Buy Google (GOOG)? Say It Ain't So, Cramer!

March 9, 2011 10:09 AM UTC
Google (Nasdaq: GOOG) shares are trading lower today, as Jim Cramer is sending mixed signals to investors about which direction that they should take with their investments.

Recently, Cramer hashed it out with colleague Dan Fitzpatrick to take on Google from a technical and fundamental prospective.

Fitzpatrick said that shares have been trading in a range of $550 to $630 per share, which is true if you're only looking back to last October. GOOG shares jumped following solid third quarter results from the search giant. Fitzpatrick says that shares have tried and failed to cross the $630 resistance level several times since then. He continues that gains have been made on lighter volume, while selling has been heavier, indicating profit taking by larger institutions.

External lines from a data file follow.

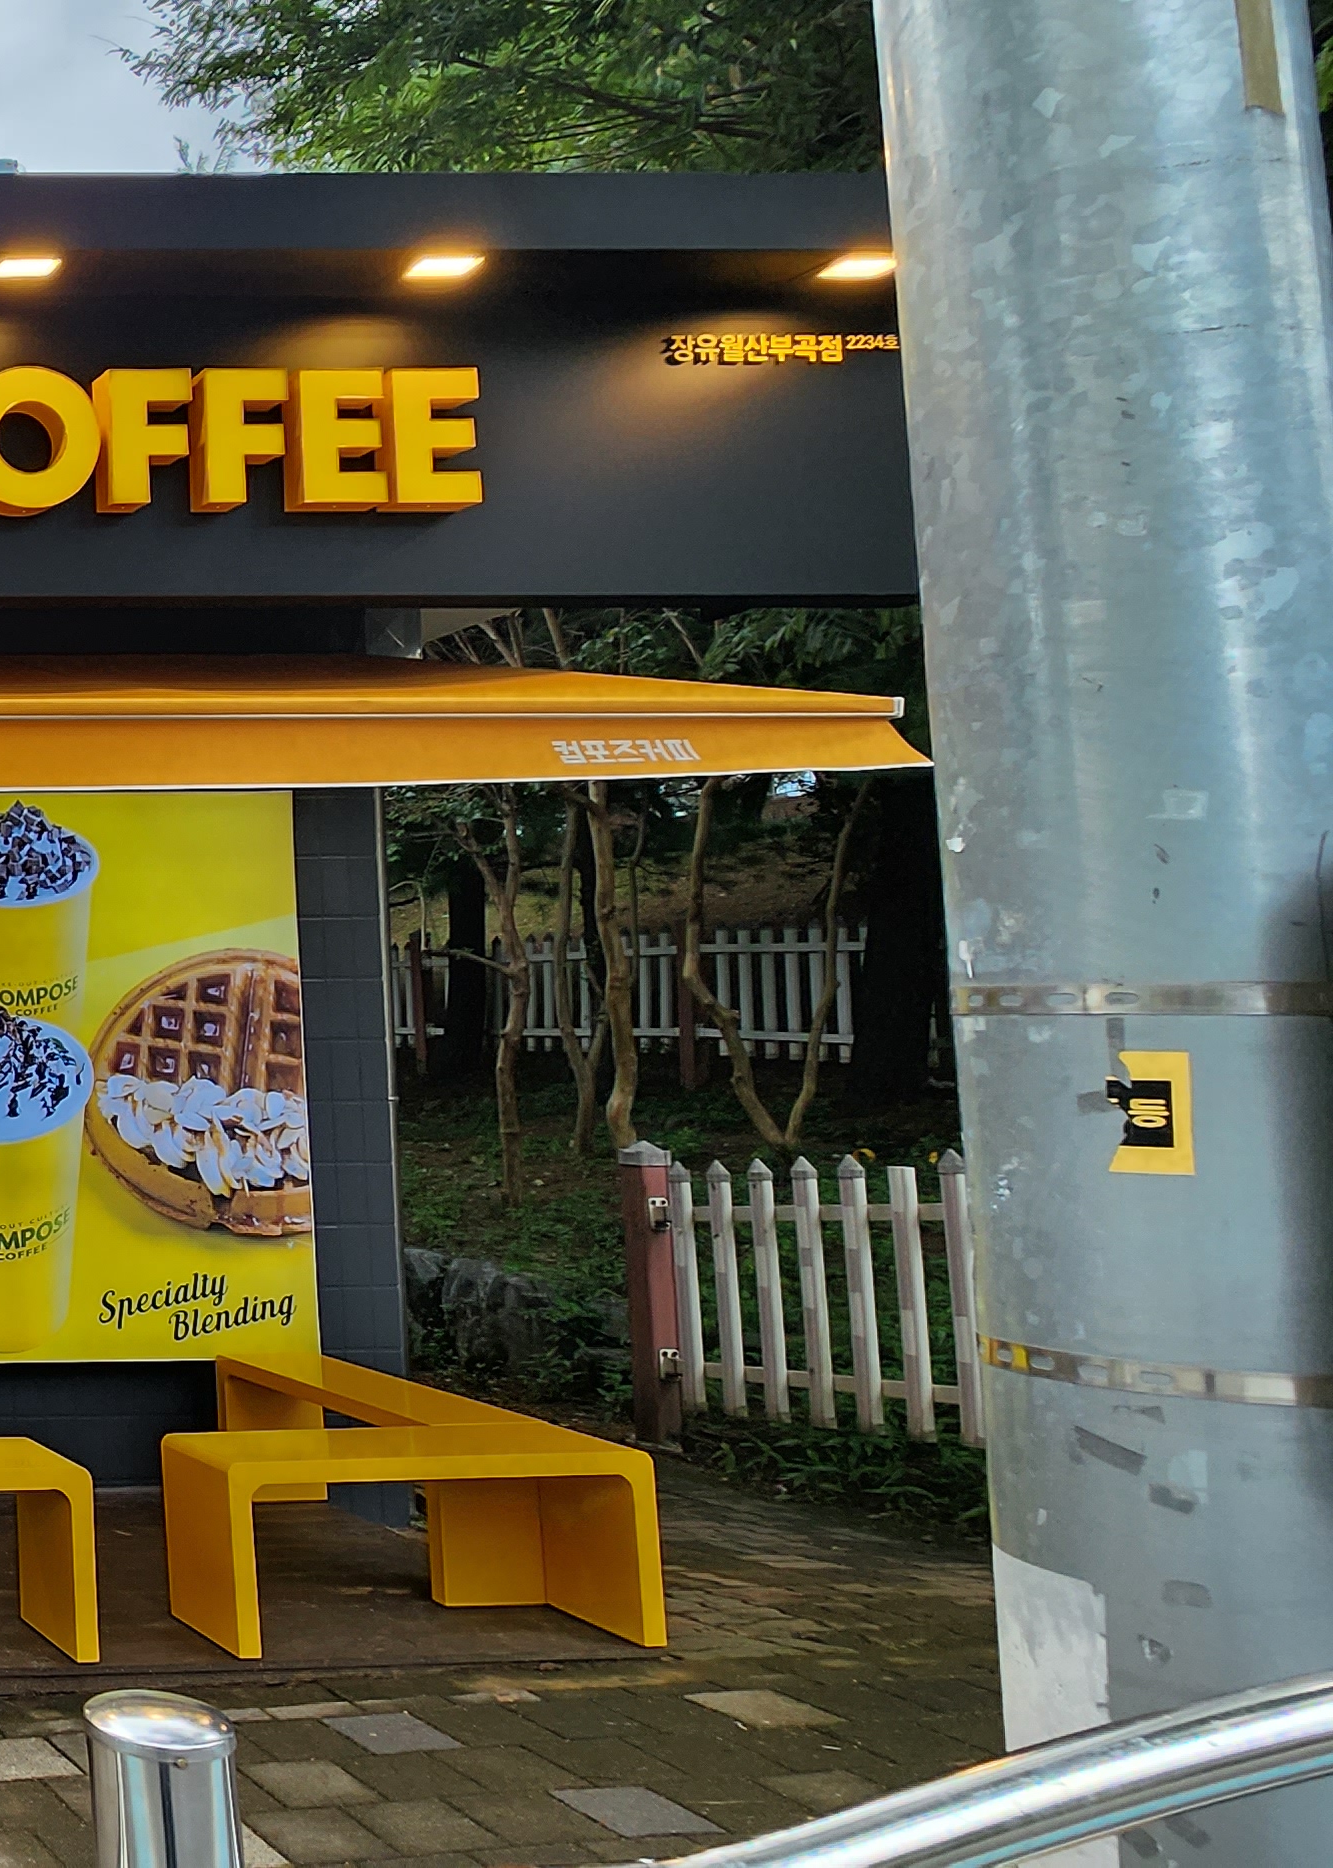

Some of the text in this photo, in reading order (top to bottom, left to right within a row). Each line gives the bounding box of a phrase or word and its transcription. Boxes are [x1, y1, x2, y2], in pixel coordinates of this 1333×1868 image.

[670, 333, 900, 362] 장유월산부곡점 2234호
[551, 738, 702, 764] 컴포즈커피
[15, 1003, 58, 1016] COFFEE
[98, 1272, 228, 1330] Specialty
[168, 1294, 296, 1341] Blending

Google's charts reveal that Bollinger bands have been widening, indicating increasing volatility, coupled with a recent decline through the $550 support level. He sees a sharp 7% decline in the shares before any recovery.

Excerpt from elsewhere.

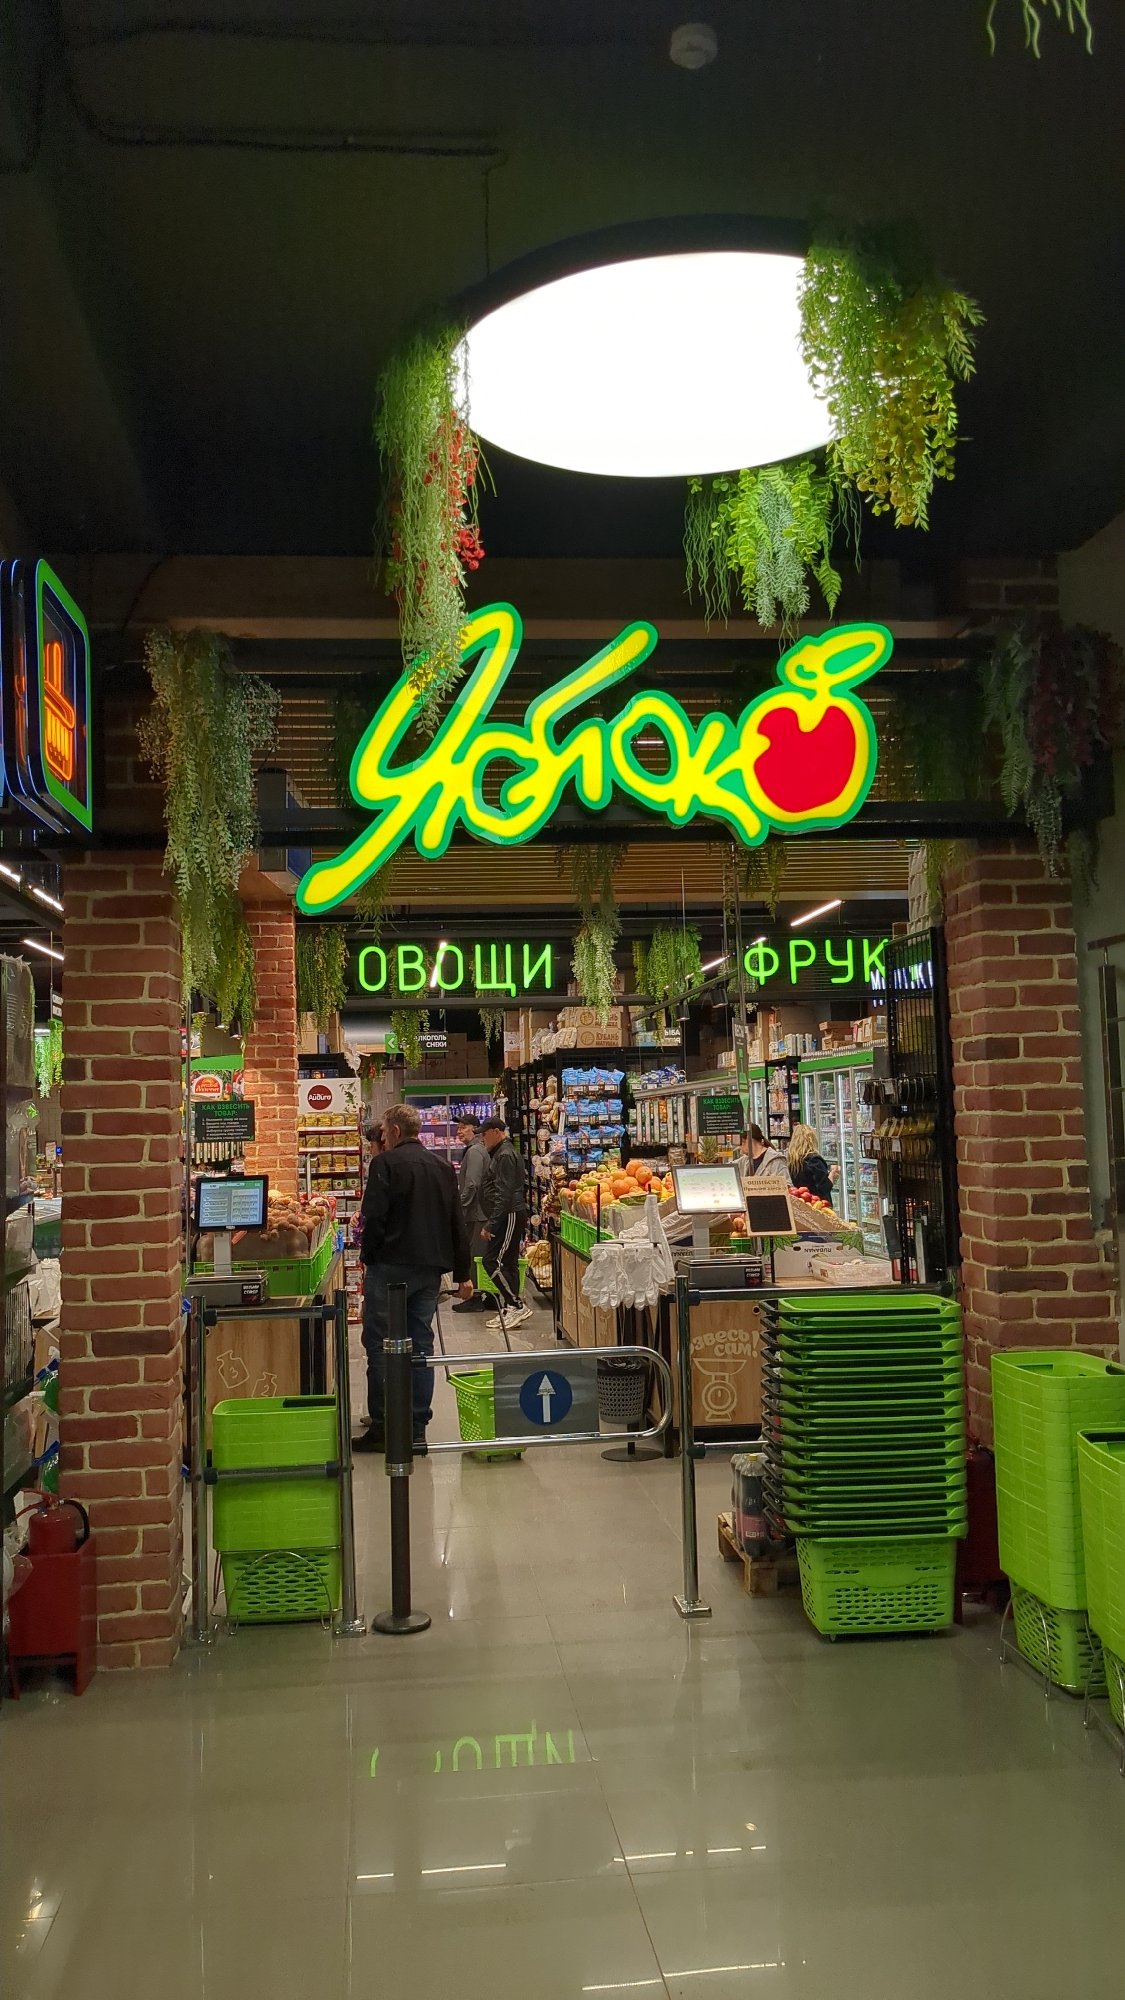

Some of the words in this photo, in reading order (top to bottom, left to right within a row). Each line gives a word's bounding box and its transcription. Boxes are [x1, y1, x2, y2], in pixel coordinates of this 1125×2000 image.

[358, 943, 552, 997] ОВОЩИ
[415, 1034, 447, 1042] ЛКОГОЛЬ
[230, 1366, 239, 1379] 3
[260, 1384, 269, 1397] 2

On the other hand, Cramer disagrees with Fitzpatrick. Fundamentally, Cramer notes that Google goes for just 14x forward earnings with an 18% long-term growth rate. Online advertising is improving, and Google's Android mobile OS has become a dominant player in a rapidly expanding market.

Cramer suggests dividing the shares by ten to make the numbers easier to swallow. In that case, a $60 stock pulling back to $55 isn't such a big deal. He thinks shares are cheap, and recommends deep-in-the-money call options as a way to "pick some up on the cheap."

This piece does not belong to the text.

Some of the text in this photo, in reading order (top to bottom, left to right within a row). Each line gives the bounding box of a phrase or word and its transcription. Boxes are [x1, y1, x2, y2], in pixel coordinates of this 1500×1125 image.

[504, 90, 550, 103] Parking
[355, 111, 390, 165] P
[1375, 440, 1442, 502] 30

The suggestion may be a mixed signal to Cramer followers, as Jim is always touting Apple (Nasdaq: AAPL) for their innovation and product line. Apple is a direct competitor with Google on many fronts: mobile OS, advertising, maps, etc. Google and Apple will also compete on several new fronts in the future, potentially having both in your portfolio a semi-wash sale. Potentially.

Google shares are down 0.8% on the day.